For those of you foolish enough to have signed up for e-mail notification about new posts here, you’ve all gotten automatic notification about a post called Deep-Cycle Surprise, and then clicked on the link to see…nothing. My apologies. I’ve been working hard on that particular piece, but it isn’t yet ready for prime time. I simply hit the wrong button and unintentionally published it before it was done. Then I yanked it.
It has to do with the Enterprise’s solar power system, and some unexpectedly big performance differences between two of it’s different battery packs – marine hybrid flooded and AGM. Sounds like a boringly technical piece, but I’m trying to keep it from being that. It isn’t ready to post because the events feeding it are not yet over, it seems. New performance anomalies streaming in affect the reconfiguration direction to take, and there’s little point in posting a problem/solution article until the “problem” shows some consistency.

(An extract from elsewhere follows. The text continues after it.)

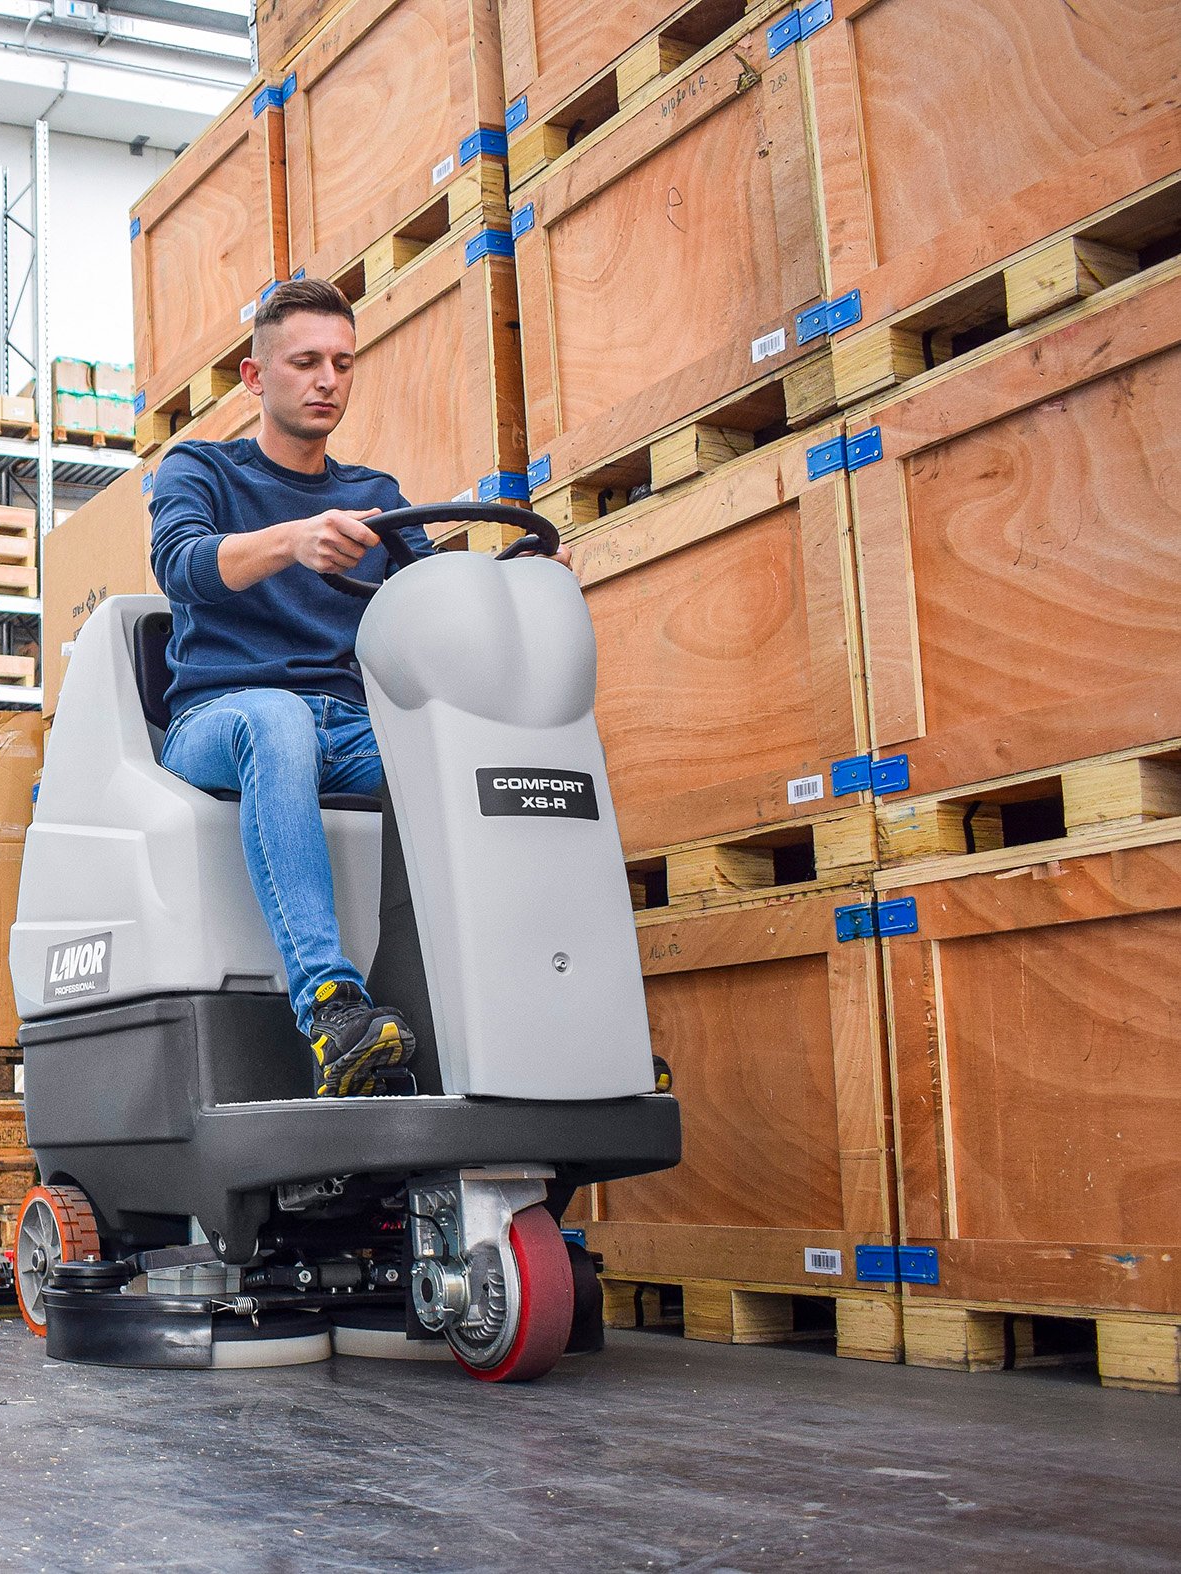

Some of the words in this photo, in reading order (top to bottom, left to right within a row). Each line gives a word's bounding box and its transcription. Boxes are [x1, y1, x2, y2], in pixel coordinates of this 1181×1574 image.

Nothing is malfunctioning here – it’s just the usual process of fine tuning things so that each system will let me do what I want to be able to do, without introducing too many drawbacks. As Professor Higgins explains in My Fair Lady, “I’m an ordinary man, who desires nothing more…than just an ordinary chance to live exactly as he likes and do precisely what he wants! An average man am I, of no eccentric whim, who likes to live his life free of strife, doing whatever he thinks is best for him… Just an ordinary man!”
Doug
If you give us a clue as to what your problem is
Maybe we can give you a clue for the solution
Jerry
Well, thanks Jerry, but until the data settles into a decent pattern (as opposed to the single-event data I started writing with) there’s no point in analyzing anomalies. It’s getting there day by day, as is my consistent usage pattern, and the solution is forming in a somewhat different direction now. No point in posting this particular thing until I have something interesting to write about – in a readable form.